▶ **Information**
--- START ---

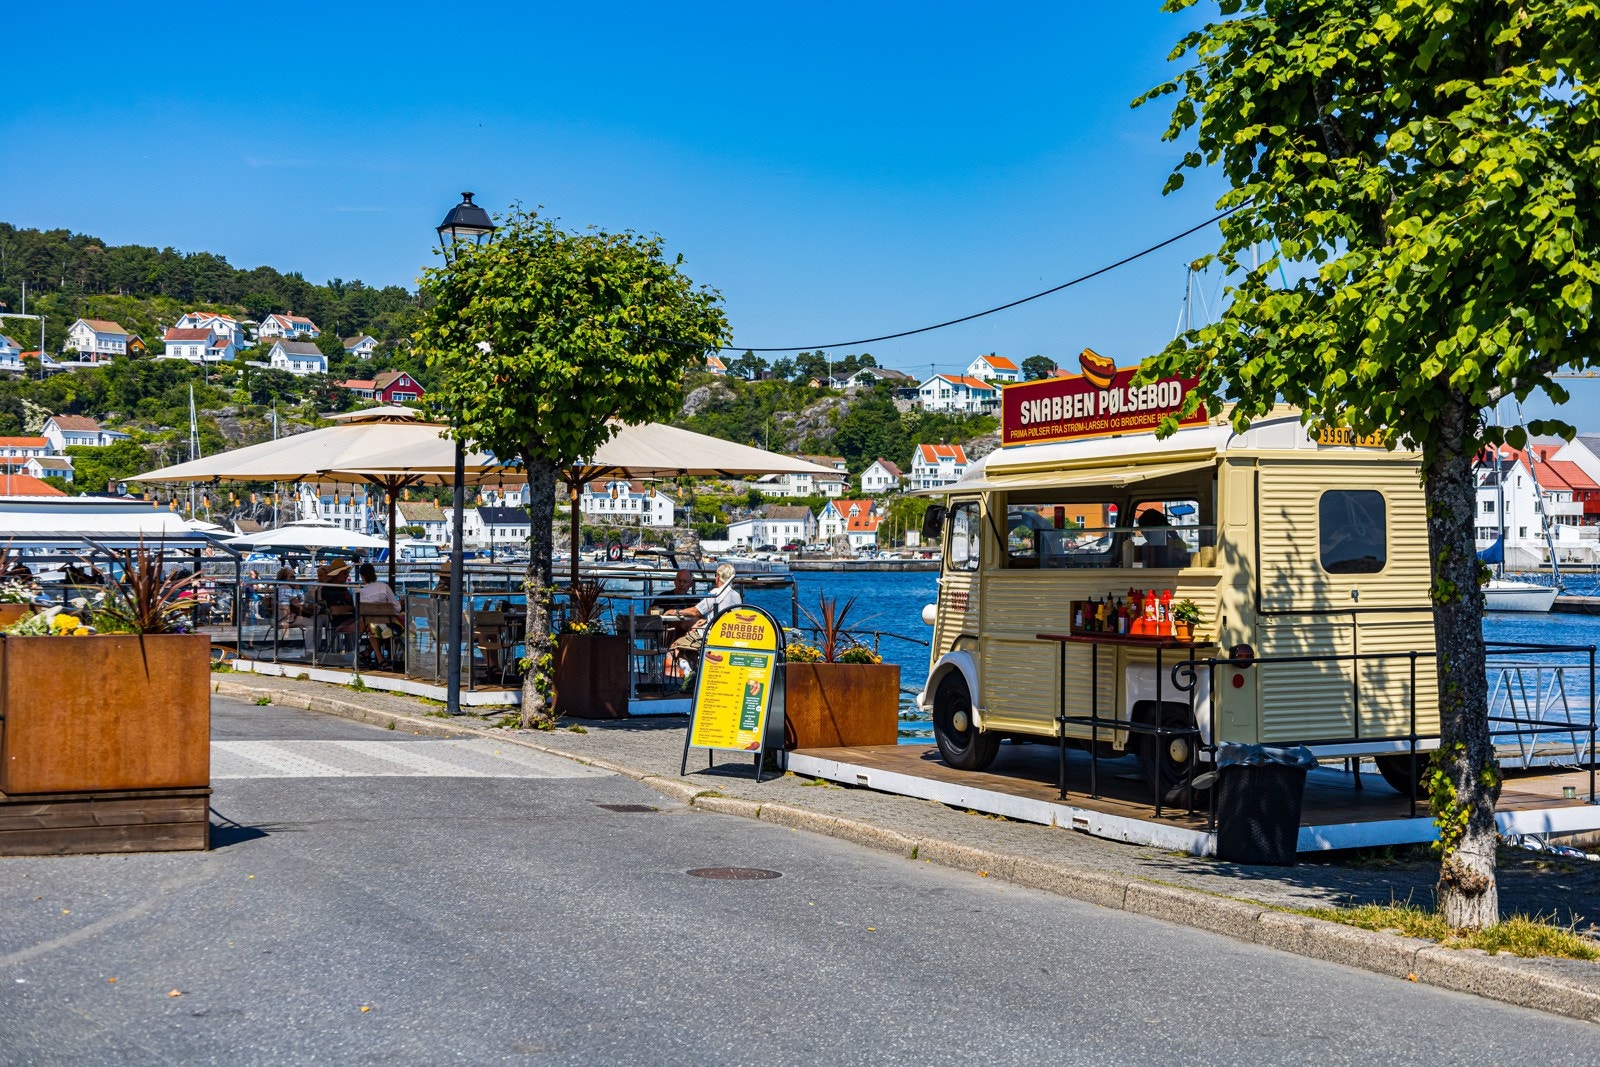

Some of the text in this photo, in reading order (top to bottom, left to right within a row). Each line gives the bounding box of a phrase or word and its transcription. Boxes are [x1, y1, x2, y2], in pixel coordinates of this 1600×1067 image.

[1020, 381, 1182, 425] SNABBEN PØLSEBOD
[1010, 428, 1028, 439] PRIMA
[1028, 426, 1051, 437] PØLSER
[1051, 425, 1063, 435] FRA
[1063, 419, 1109, 433] STRØM-LARSEN
[1110, 418, 1120, 428] OG
[1121, 413, 1156, 427] BRØDRENE
[721, 622, 765, 633] SNABBEN
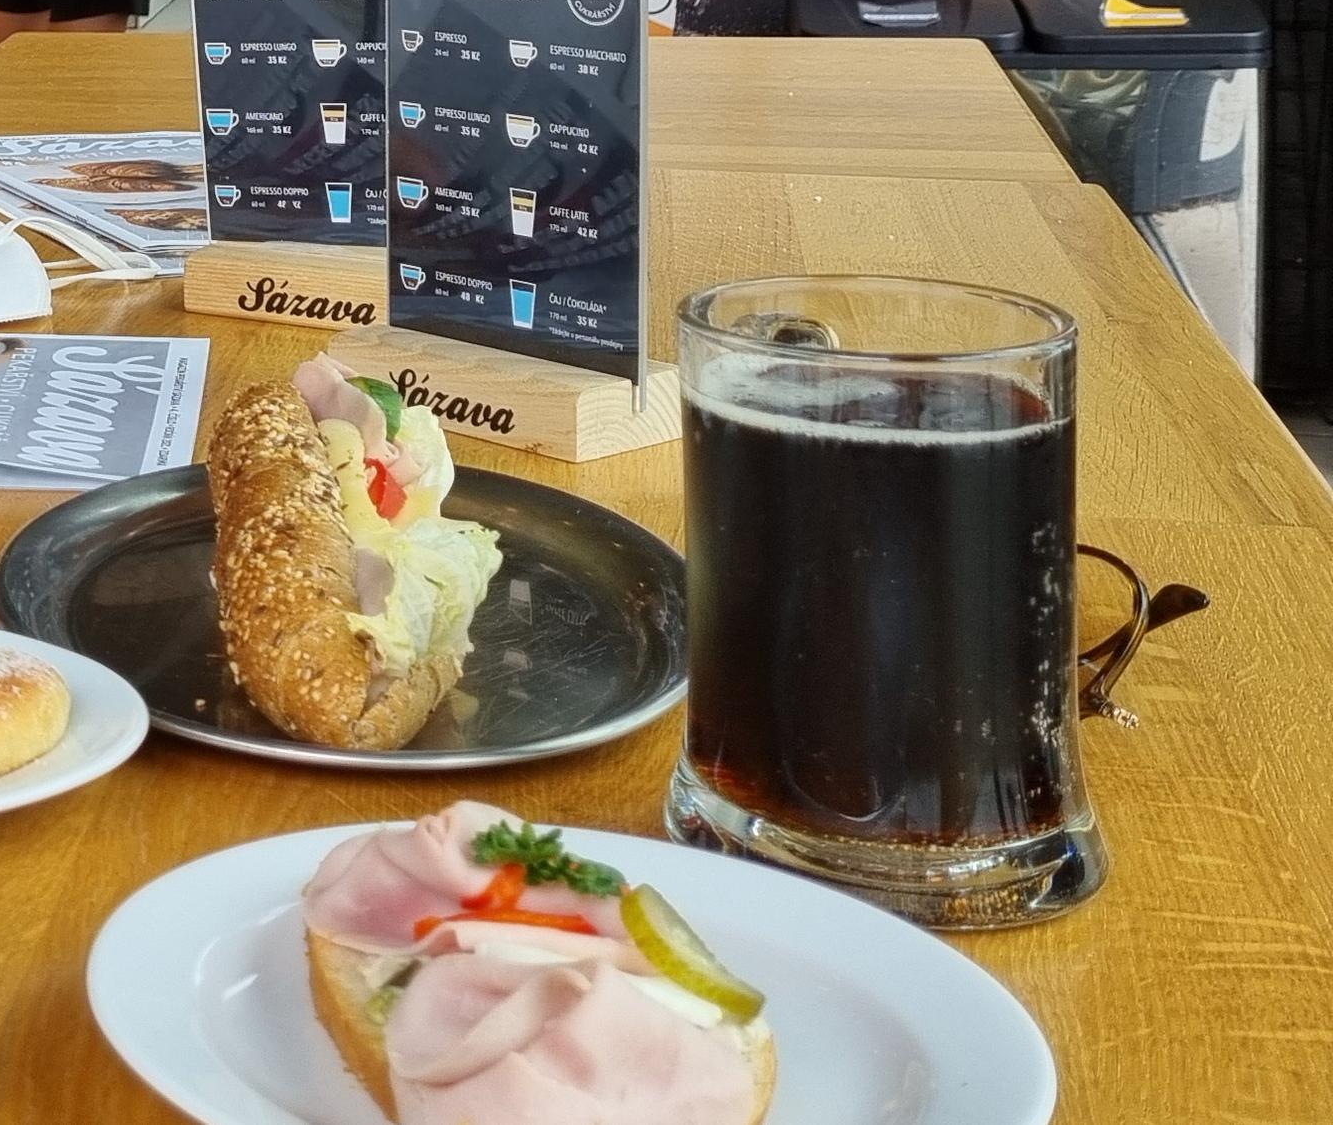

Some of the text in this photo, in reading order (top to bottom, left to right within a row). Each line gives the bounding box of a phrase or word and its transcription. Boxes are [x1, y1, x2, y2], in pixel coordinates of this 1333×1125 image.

[435, 31, 467, 45] ESPRESSO
[240, 42, 297, 52] ESPRESSO LUNGO
[355, 43, 386, 52] CAPPUCI
[549, 45, 627, 63] ESPRESSO MACCHIATO
[245, 112, 284, 122] AMERICANO
[435, 106, 491, 124] ESPRESSO LUNGO
[549, 123, 590, 138] CAPPUCINO
[577, 142, 588, 154] 42
[250, 186, 309, 196] ESPRESSO DOPPIO
[435, 188, 474, 202] AMERICANO
[549, 206, 590, 222] CAFFE LATTE
[435, 271, 493, 292] ESPRESSO DOPPIO
[237, 277, 377, 326] Sázava
[549, 291, 562, 305] ČAJ
[577, 315, 587, 327] 35
[389, 368, 516, 435] Sázava
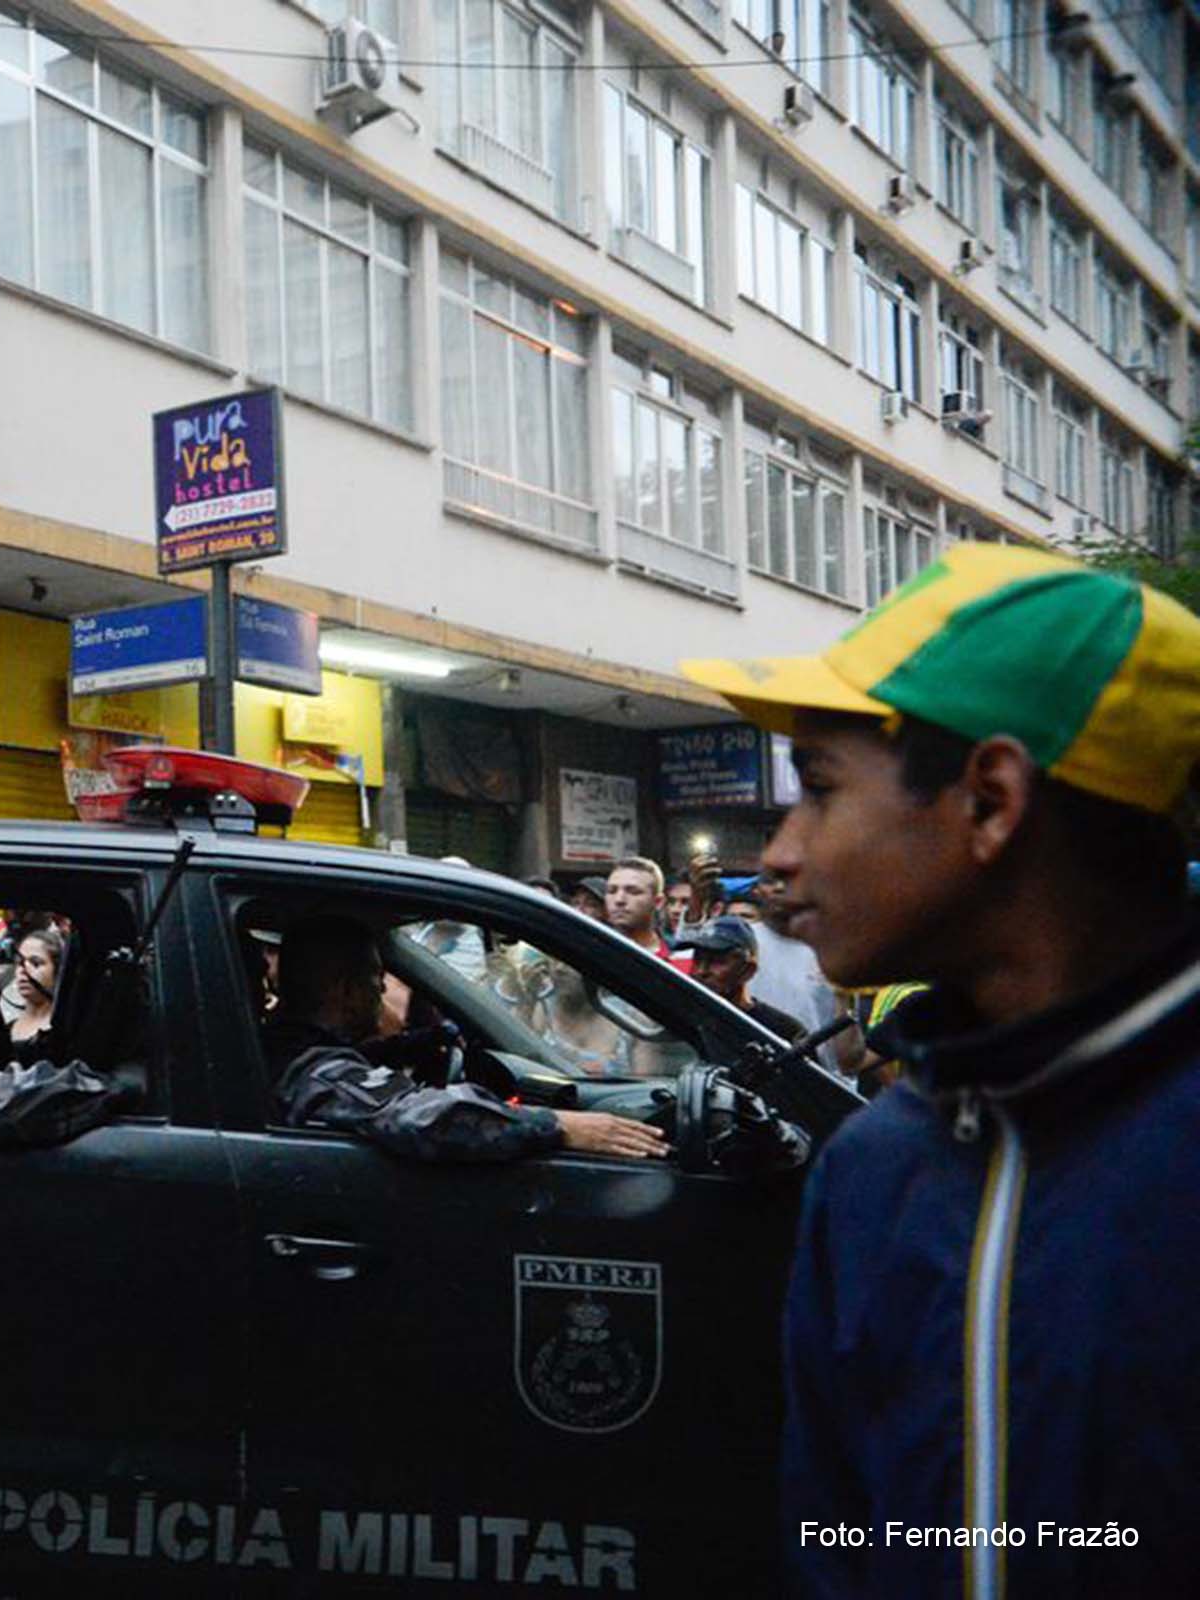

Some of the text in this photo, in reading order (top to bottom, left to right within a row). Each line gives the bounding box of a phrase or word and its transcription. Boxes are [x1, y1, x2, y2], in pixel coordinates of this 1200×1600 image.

[182, 432, 251, 480] Vida
[175, 468, 253, 504] hostel
[73, 625, 150, 648] Saint Roman
[74, 619, 96, 631] Rua
[523, 1261, 654, 1287] PMERJ
[317, 1510, 636, 1590] MILITAR

--- END ---

▶ **Exercise goal**
The records above are to be transcribed in full, with images omitted.

▶ **The answer**
Some of the text in this photo, in reading order (top to bottom, left to right within a row). Each line gives the bounding box of a phrase or word and its transcription. Boxes are [x1, y1, x2, y2], in pixel coordinates of this 1600×1067 image.

[1020, 381, 1182, 425] SNABBEN PØLSEBOD
[1010, 428, 1028, 439] PRIMA
[1028, 426, 1051, 437] PØLSER
[1051, 425, 1063, 435] FRA
[1063, 419, 1109, 433] STRØM-LARSEN
[1110, 418, 1120, 428] OG
[1121, 413, 1156, 427] BRØDRENE
[721, 622, 765, 633] SNABBEN

Some of the text in this photo, in reading order (top to bottom, left to right within a row). Each line gives the bounding box of a phrase or word and its transcription. Boxes are [x1, y1, x2, y2], in pixel coordinates of this 1333×1125 image.

[435, 31, 467, 45] ESPRESSO
[240, 42, 297, 52] ESPRESSO LUNGO
[355, 43, 386, 52] CAPPUCI
[549, 45, 627, 63] ESPRESSO MACCHIATO
[245, 112, 284, 122] AMERICANO
[435, 106, 491, 124] ESPRESSO LUNGO
[549, 123, 590, 138] CAPPUCINO
[577, 142, 588, 154] 42
[250, 186, 309, 196] ESPRESSO DOPPIO
[435, 188, 474, 202] AMERICANO
[549, 206, 590, 222] CAFFE LATTE
[435, 271, 493, 292] ESPRESSO DOPPIO
[237, 277, 377, 326] Sázava
[549, 291, 562, 305] ČAJ
[577, 315, 587, 327] 35
[389, 368, 516, 435] Sázava

Some of the text in this photo, in reading order (top to bottom, left to right within a row). Each line gives the bounding box of a phrase or word and its transcription. Boxes are [x1, y1, x2, y2], in pixel coordinates of this 1200×1600 image.

[182, 432, 251, 480] Vida
[175, 468, 253, 504] hostel
[73, 625, 150, 648] Saint Roman
[74, 619, 96, 631] Rua
[523, 1261, 654, 1287] PMERJ
[317, 1510, 636, 1590] MILITAR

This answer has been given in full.